Article
Author(s):
Broad bipartisan and multi-stakeholder support of VBID has stemmed from its applicability to a wide range of healthcare issues and its potential to reduce overall healthcare expenditures while improving health outcomes.
This article was collaboratively written by A. Mark Fendrick, MD, director of the Center for Value-Based Insurance Design (V-BID), and several V-BID Center staff.
While many healthcare reform concepts struggle to gain traction on the national stage, value-based insurance design (VBID) continues to experience success in both public and private payer arenas. Broad bipartisan and multi-stakeholder support of VBID’s clinically nuanced cost-sharing has stemmed from its applicability to a wide range of healthcare issues and its potential to reduce overall healthcare expenditures while improving health outcomes.
As highlighted by recent legislative victories in Medicare Advantage (MA) and health savings account-eligible high-deductible health plans (HSA-HDHPs), this support has enabled VBID to become an integral part of various healthcare reform efforts.

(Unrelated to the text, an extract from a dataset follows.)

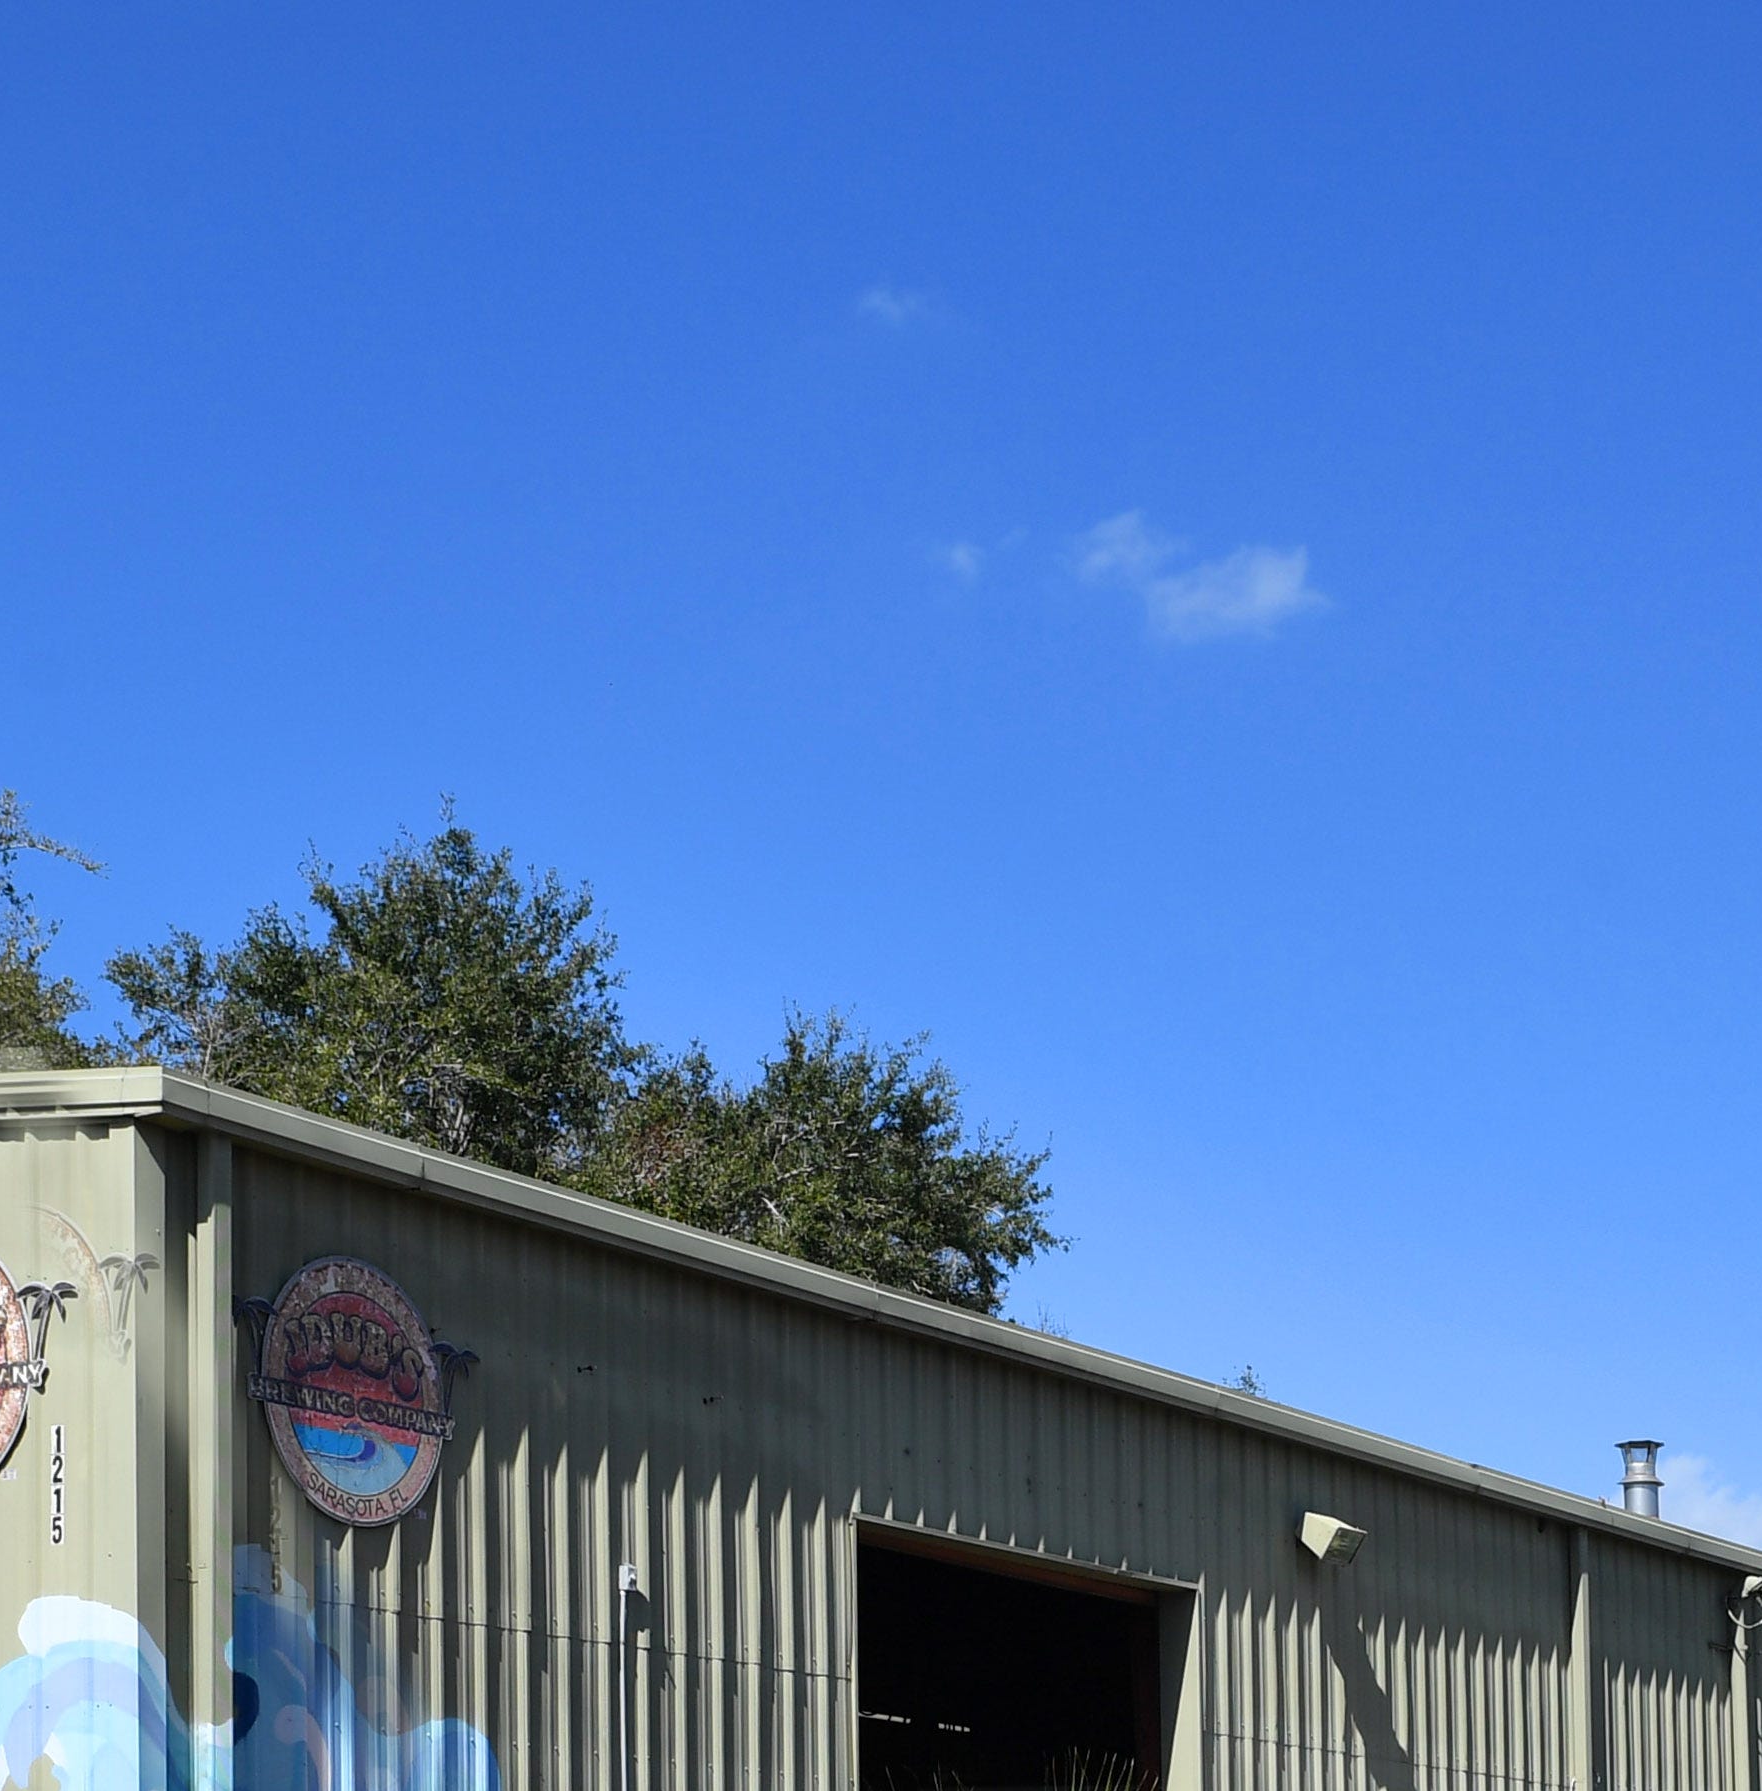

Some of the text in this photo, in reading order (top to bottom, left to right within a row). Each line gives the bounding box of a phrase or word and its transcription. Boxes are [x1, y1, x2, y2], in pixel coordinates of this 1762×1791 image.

[358, 1399, 454, 1437] COMPANY
[51, 1426, 64, 1543] 1215
[389, 1488, 409, 1511] FL
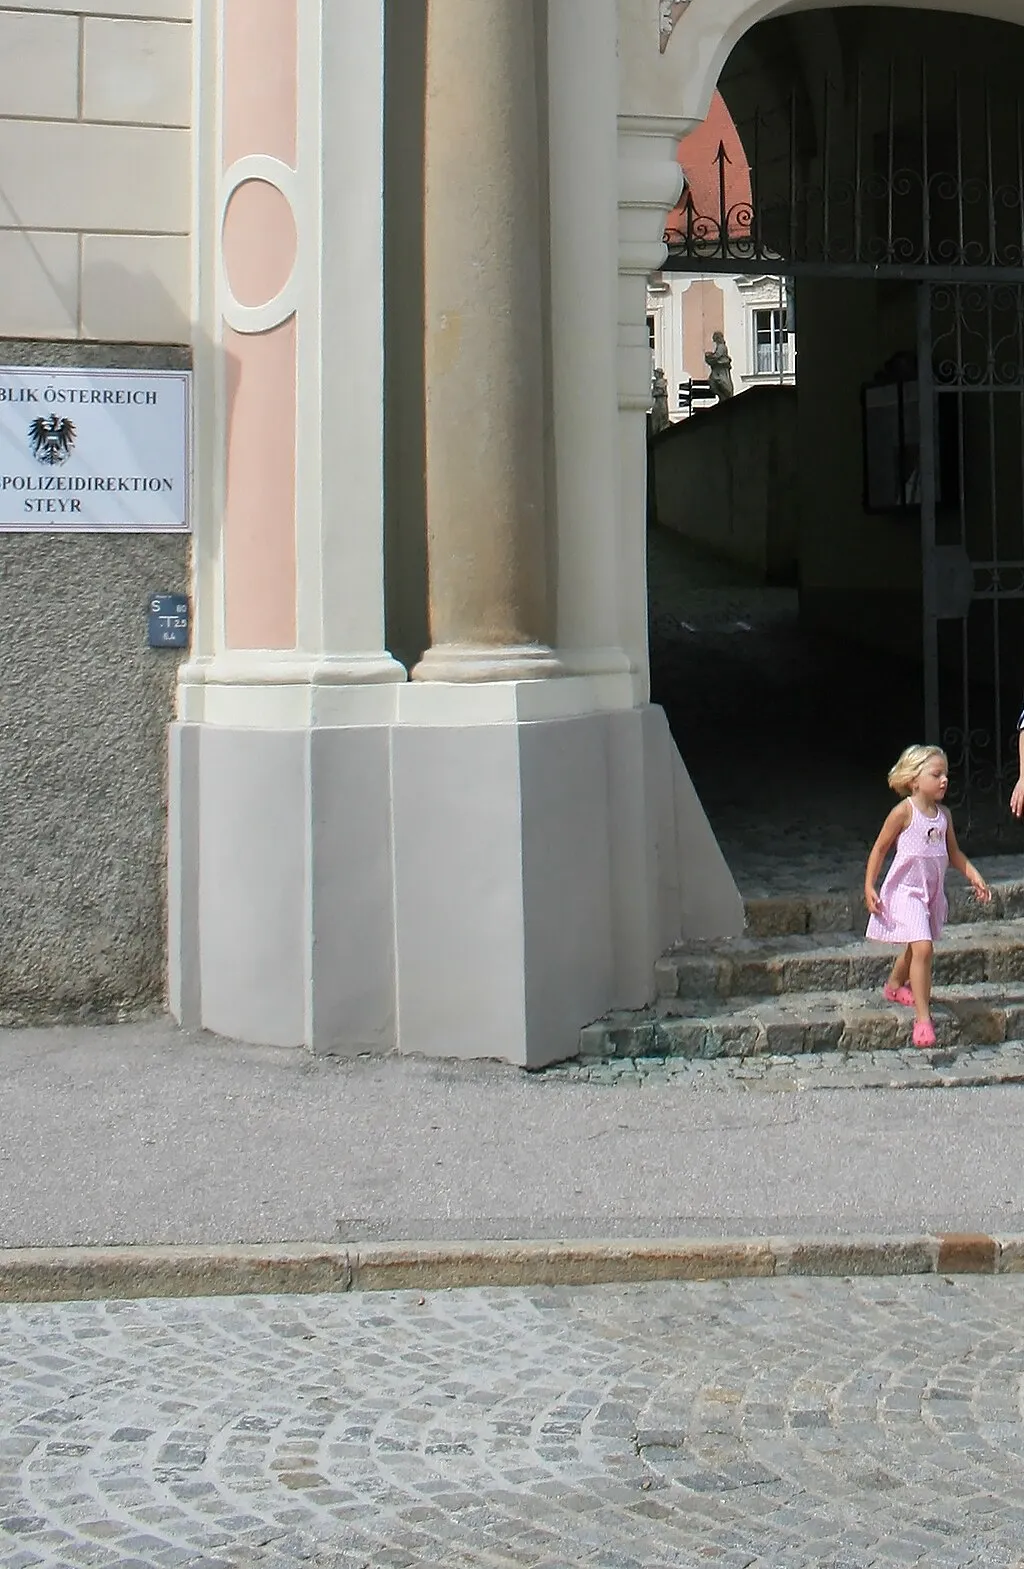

Government Funding Bill Expands MA VBID Model Test to All 50 States
Fueled by the desire to improve plan quality and curb rising costs for both patients and payers in the Medicare Advantage program, CMS launched the MA VBID Model Test in January 2017 to assess the utility of structuring consumer cost-sharing and plan elements to encourage the use of high-value clinical services and providers. The model allows MA plans the flexibility to reduce cost-sharing or offer supplemental benefits to enrollees with specified chronic conditions, focusing on the services that are of highest clinical value to them.
Nine MA plans in 3 of the 7 eligible states—Massachusetts, Indiana, and Pennsylvania—were selected to enroll beneficiaries with specified chronic conditions in 2017, followed by the announcement that the MA VBID Model Test would be expanded to 18 additional states in 2018/2019. With growing interest in the benefits of VBID implementation in MA, there was mounting support for the test’s expansion to all 50 states—a logical next step in testing VBID’s potential.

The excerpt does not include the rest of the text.